Every record below is to be restated verbatim, though its images are not.

══ Task data ══

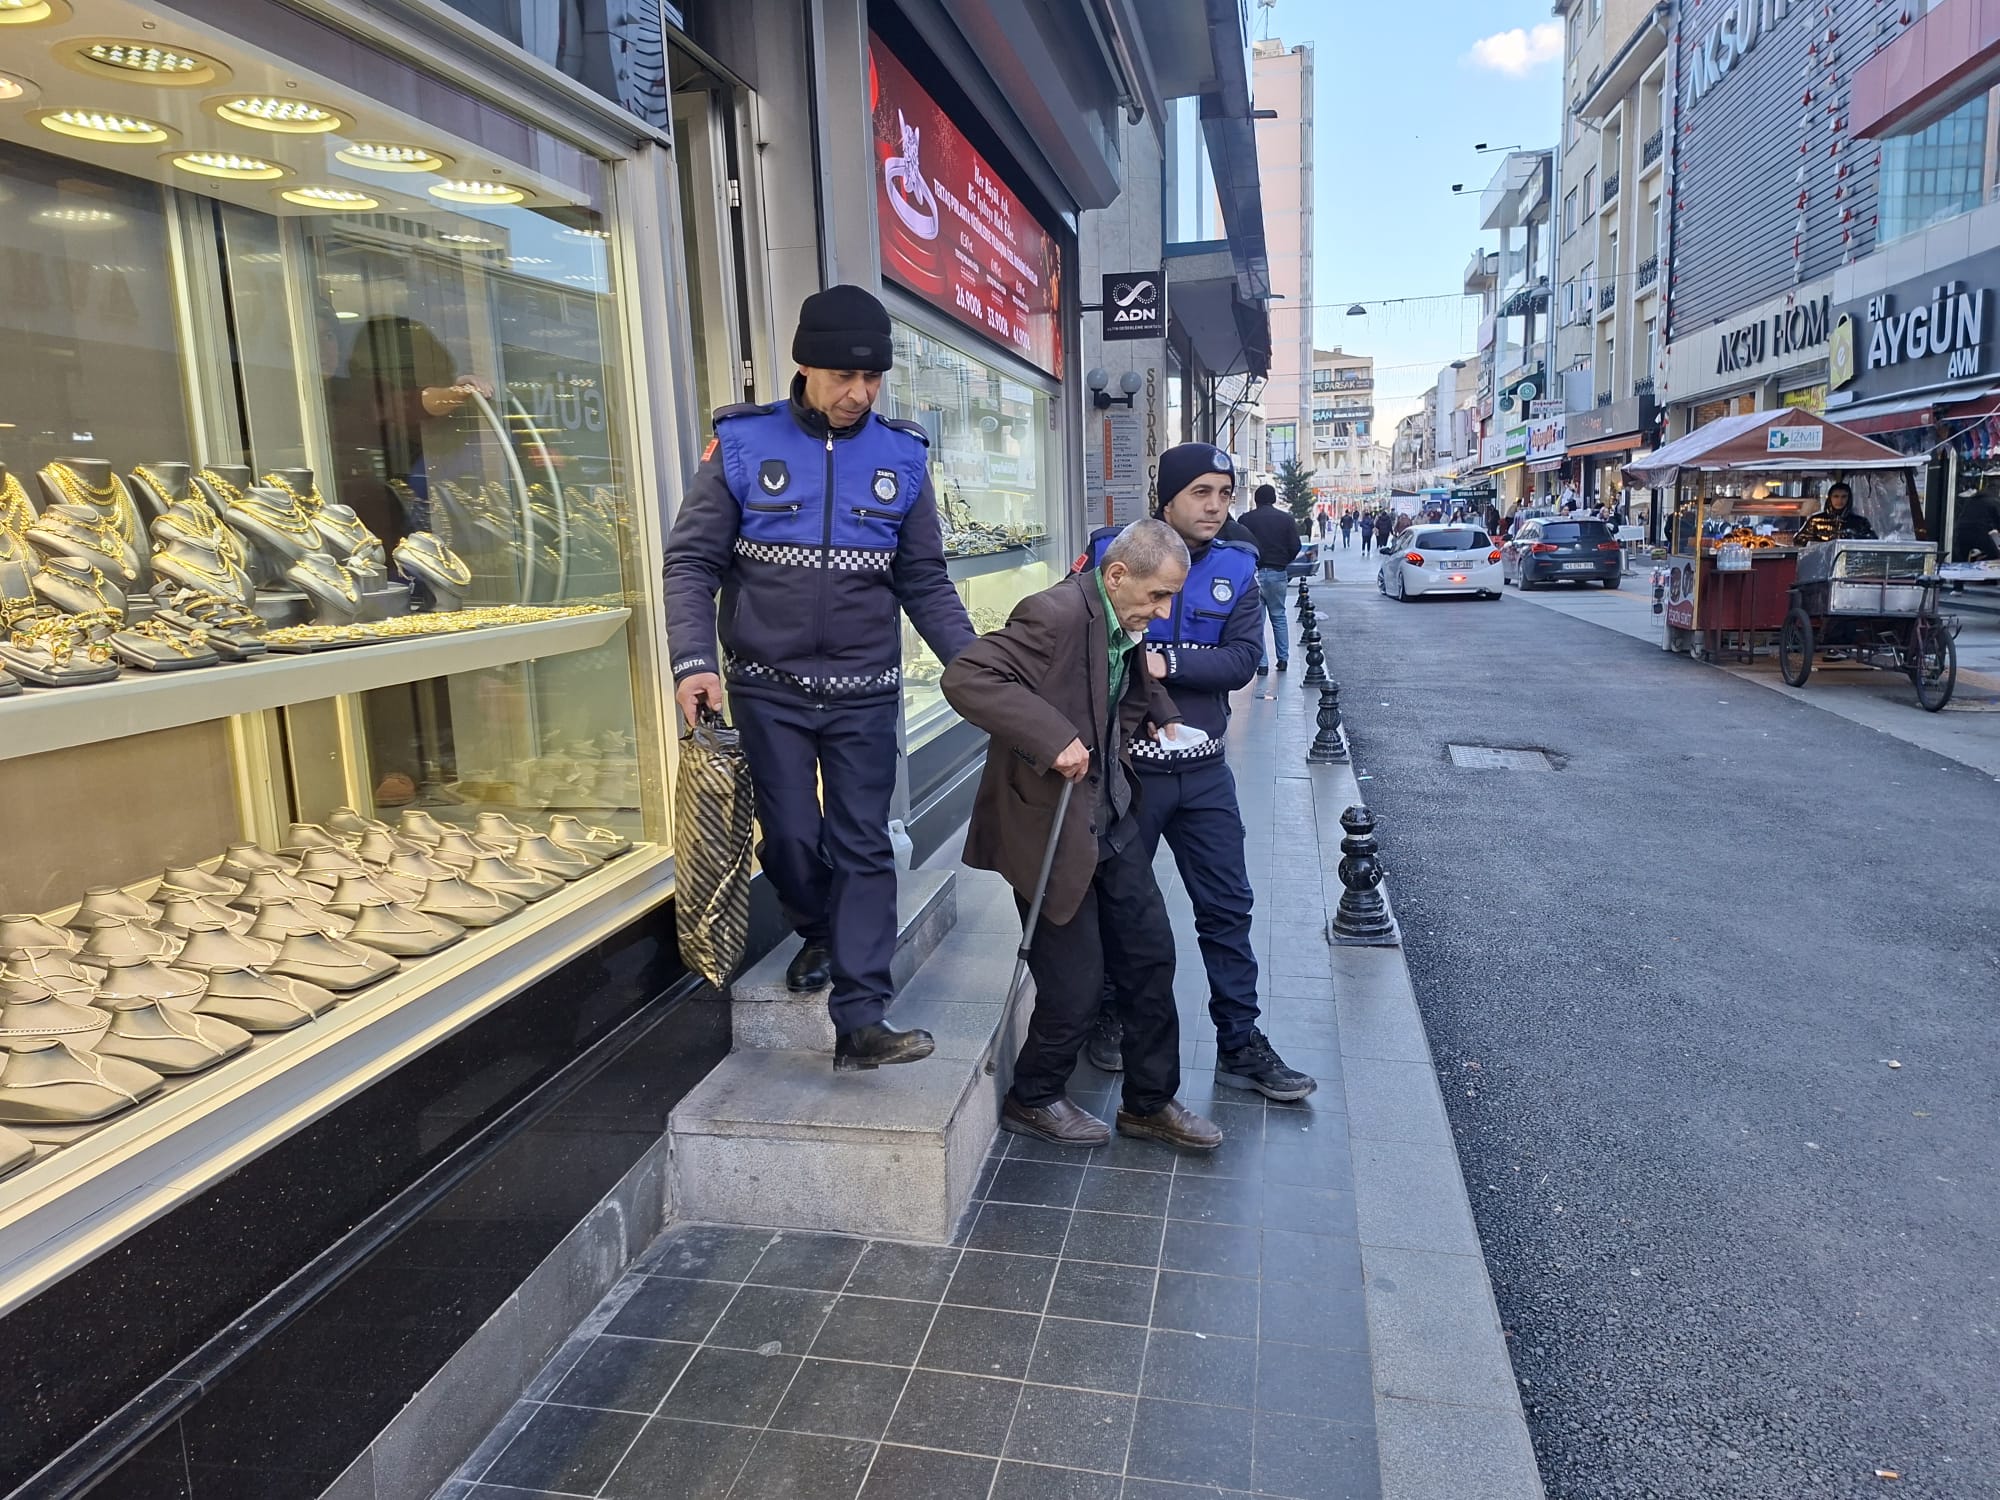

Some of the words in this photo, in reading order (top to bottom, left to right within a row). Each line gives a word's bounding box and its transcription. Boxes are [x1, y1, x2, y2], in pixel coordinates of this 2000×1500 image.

[1114, 308, 1155, 322] ADN
[1868, 294, 1888, 321] EN
[1716, 320, 1766, 375] AKSU
[1773, 295, 1830, 358] HOM
[1867, 280, 1988, 369] AYGÜN
[1947, 347, 1980, 379] AVM
[1146, 368, 1157, 457] SOYDAN
[877, 470, 895, 479] ZABITA
[674, 659, 706, 674] ZABITA

═══

Answer to this exercise |
Some of the words in this photo, in reading order (top to bottom, left to right within a row). Each line gives a word's bounding box and its transcription. Boxes are [x1, y1, x2, y2], in pixel coordinates of this 2000×1500 image.

[1114, 308, 1155, 322] ADN
[1868, 294, 1888, 321] EN
[1716, 320, 1766, 375] AKSU
[1773, 295, 1830, 358] HOM
[1867, 280, 1988, 369] AYGÜN
[1947, 347, 1980, 379] AVM
[1146, 368, 1157, 457] SOYDAN
[877, 470, 895, 479] ZABITA
[674, 659, 706, 674] ZABITA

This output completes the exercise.